Here's one that Lurkers might find interesting (emphasis mine):

Imaginary Time - Stephen Hawking

In this lecture, I would like to discuss whether time itself has a beginning, and whether it will have an end. All the evidence seems to indicate, that the universe has not existed forever, but that it had a beginning, about 15 billion years ago. This is probably the most remarkable discovery of modern cosmology. Yet it is now taken for granted. We are not yet certain whether the universe will have an end...

The time scale of the universe is very long compared to that for human life. It was therefore not surprising that until recently, the universe was thought to be essentially static, and unchanging in time...

Since events before the Big Bang have no observational consequences, one may as well cut them out of the theory, and say that time began at the Big Bang. Events before the Big Bang, are simply not defined, because there's no way one could measure what happened at them. This kind of beginning to the universe, and of time itself, is very different to the beginnings that had been considered earlier. These had to be imposed on the universe by some external agency. There is no dynamical reason why the motion of bodies in the solar system can not be extrapolated back in time, far beyond four thousand and four BC, the date for the creation of the universe, according to the book of Genesis. Thus it would require the direct intervention of God, if the universe began at that date. By contrast, the Big Bang is a beginning that is required by the dynamical laws that govern the universe. It is therefore intrinsic to the universe, and is not imposed on it from outside.

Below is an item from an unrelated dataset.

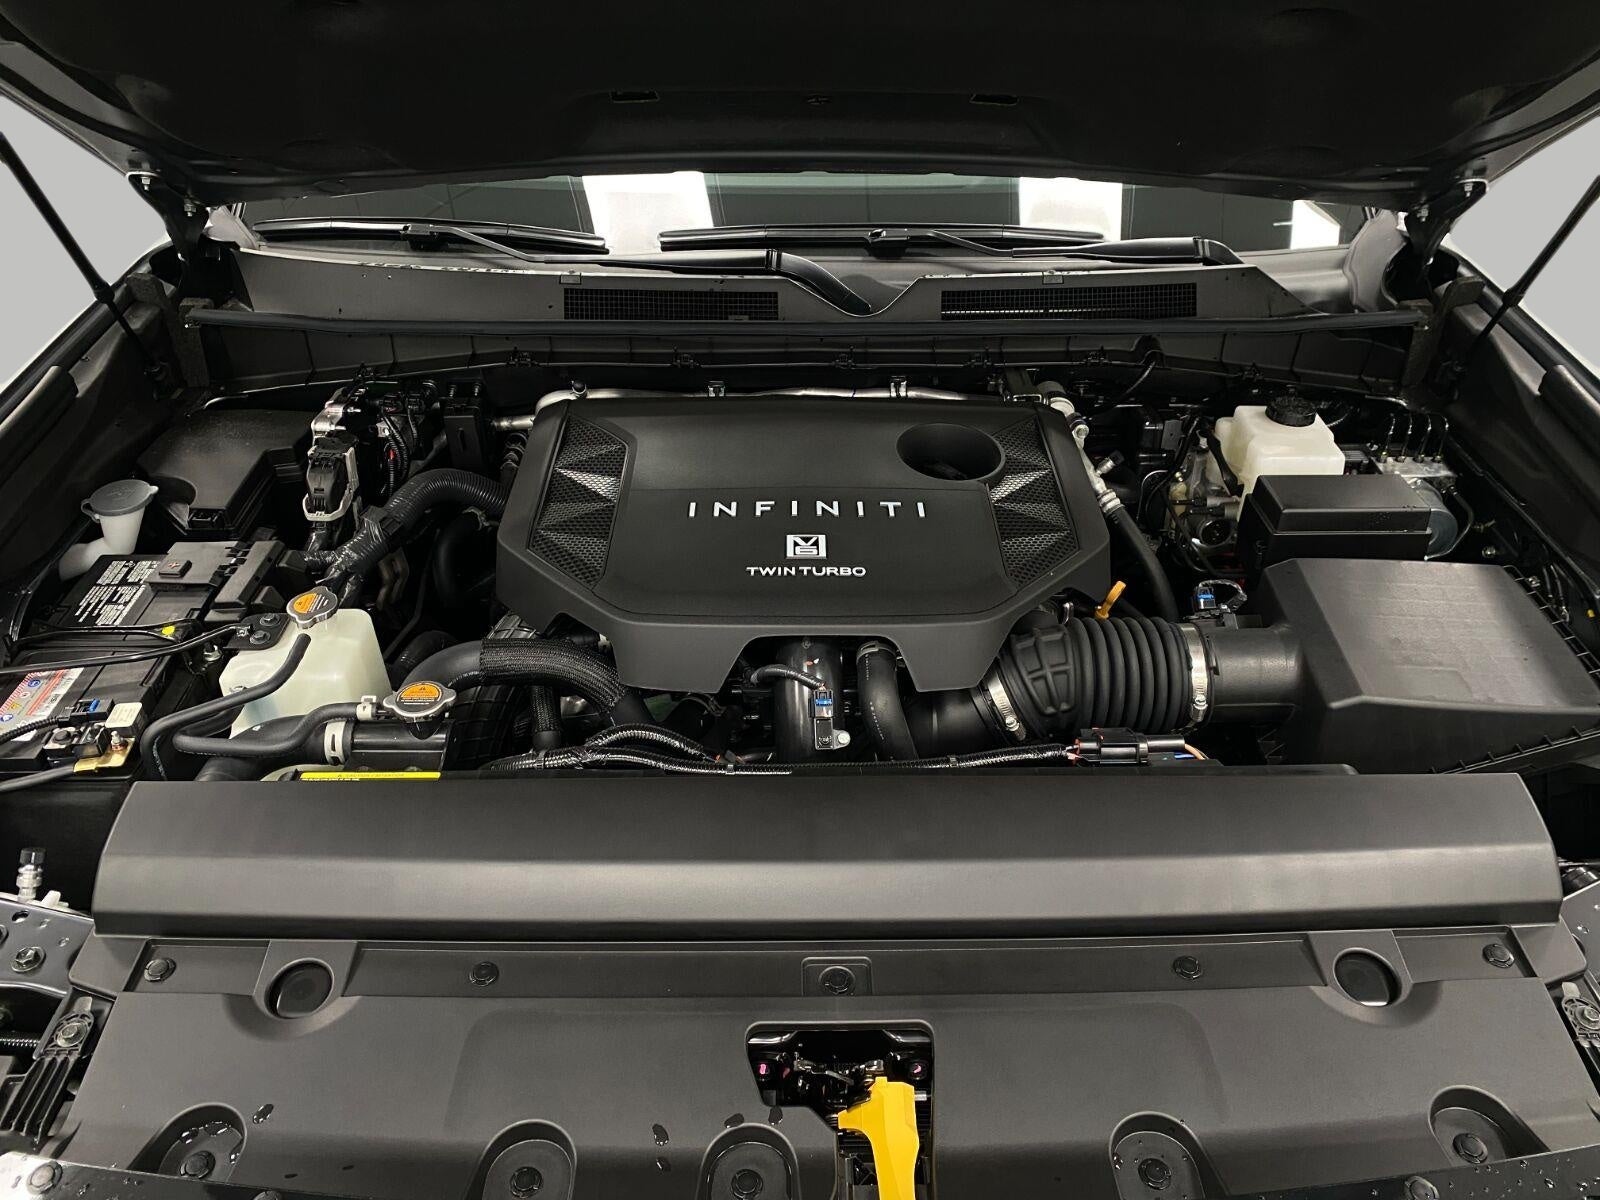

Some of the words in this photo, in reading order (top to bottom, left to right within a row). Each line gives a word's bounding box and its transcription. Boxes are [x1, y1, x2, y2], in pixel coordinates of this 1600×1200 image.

Although the laws of science seemed to predict the universe had a beginning, they also seemed to predict that they could not determine how the universe would have begun. This was obviously very unsatisfactory. So there were a number of attempts to get round the conclusion, that there was a singularity of infinite density in the past. ....

If space and imaginary time are indeed like the surface of the Earth, there wouldn't be any singularities in the imaginary time direction, at which the laws of physics would break down. And there wouldn't be any boundaries, to the imaginary time space-time, just as there aren't any boundaries to the surface of the Earth. This absence of boundaries means that the laws of physics would determine the state of the universe uniquely, in imaginary time. But if one knows the state of the universe in imaginary time, one can calculate the state of the universe in real time. One would still expect some sort of Big Bang singularity in real time. So real time would still have a beginning. But one wouldn't have to appeal to something outside the universe, to determine how the universe began. Instead, the way the universe started out at the Big Bang would be determined by the state of the universe in imaginary time. Thus, the universe would be a completely self-contained system. It would not be determined by anything outside the physical universe, that we observe.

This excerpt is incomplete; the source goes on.